We have investigated how modulation of integrin alpha IIb beta 3 function influences the mechanisms that initiate platelet thrombus formation onto surface-bound fibrinogen and isolated fibrinogen domains. Under stationary conditions and with full activation of platelets blocked by prostaglandin E1, the carboxyl-terminal gamma 400-411 sequence is necessary for establishing initial contact with the immobilized substrate. Molecules containing a single copy of this sequence, like the plasmin-generated fibrinogen fragment D, support platelet spreading, but the resulting attachment to the surface is loose and disrupted by minimal peeling force. In contrast, platelets adhere firmly to intact fibrinogen under the same conditions, suggesting that recognition of contact sites outside a single D domain can secure the firm interaction not supported by a single gamma 400-411 sequence.
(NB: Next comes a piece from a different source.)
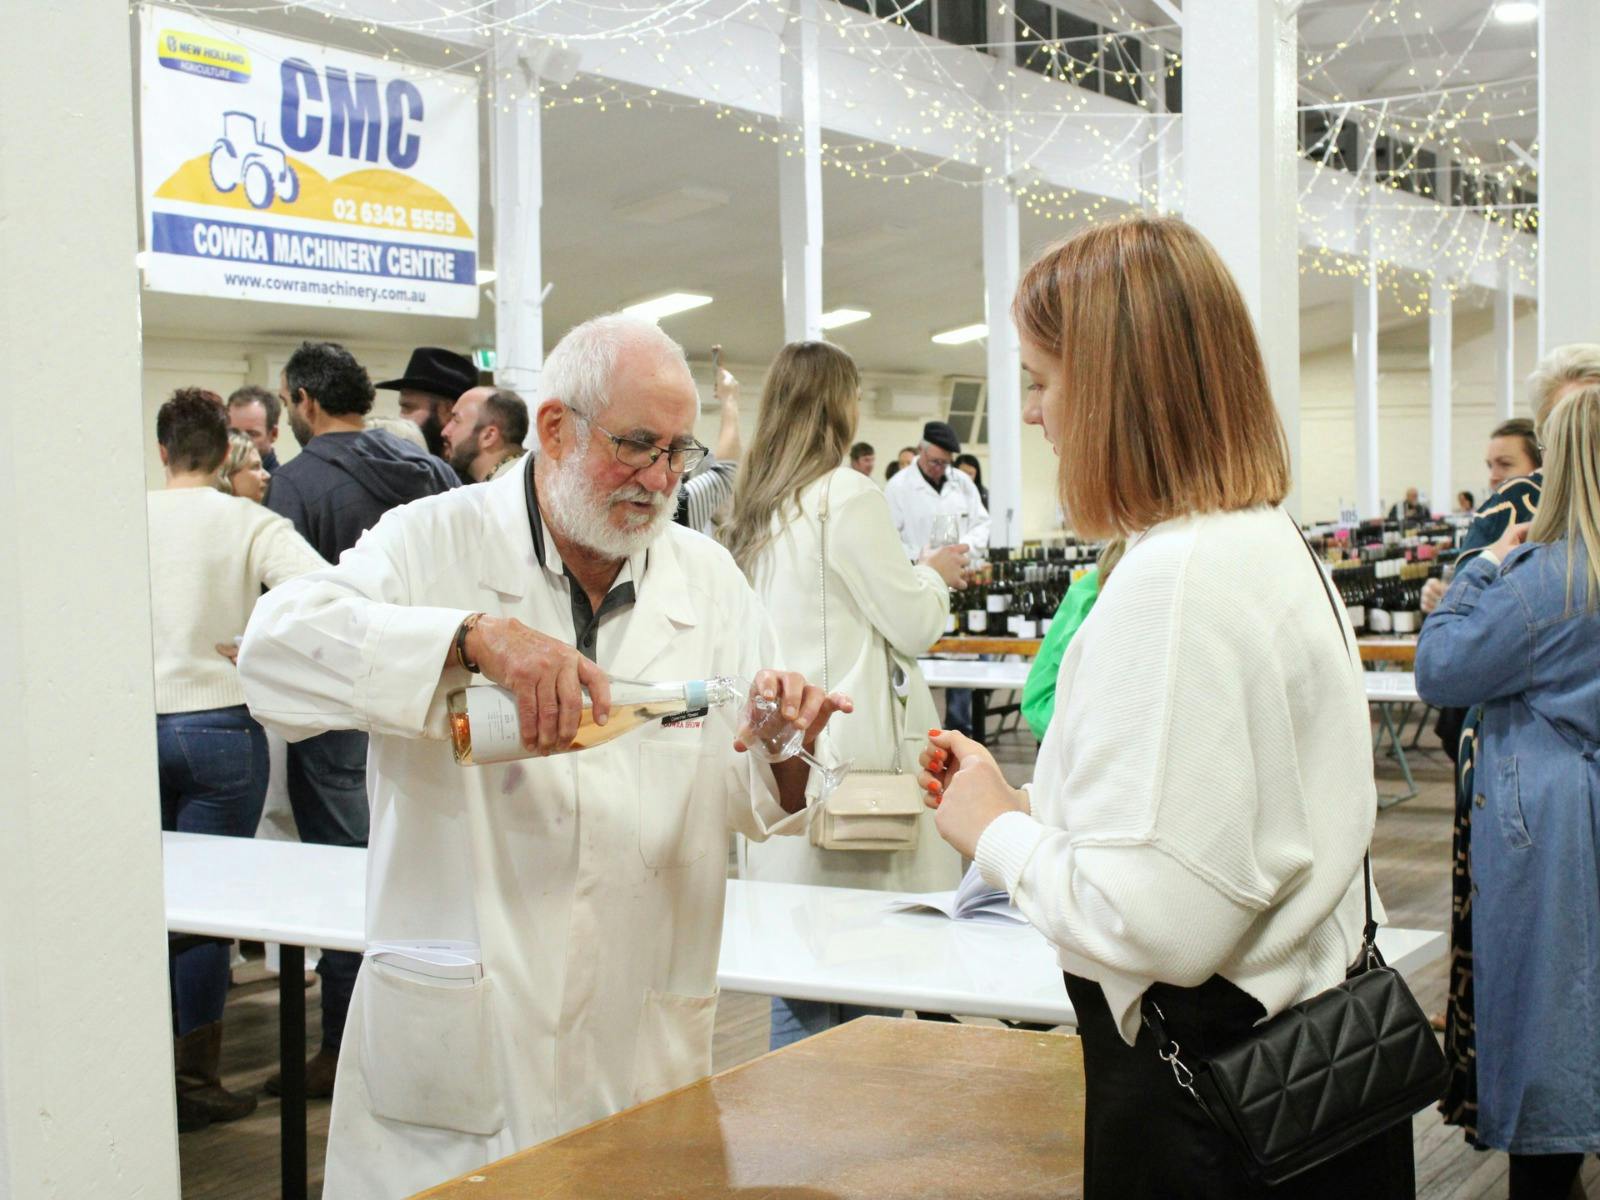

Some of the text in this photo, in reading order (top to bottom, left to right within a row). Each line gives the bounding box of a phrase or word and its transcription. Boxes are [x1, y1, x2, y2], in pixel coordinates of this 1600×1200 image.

If platelets are activated, the gamma 400-411 sequence is no longer necessary to initiate the adhesion process but becomes sufficient, even as a single copy, to mediate stable surface attachment in the absence of shear stress. Under conditions of flow, however, intact fibrinogen but not fragment D can support adhesion, regardless of whether platelets have the potential to become activated or not. These results indicate the functional relevance of multiple fibrinogen domains during the initial stages of the platelet adhesion process.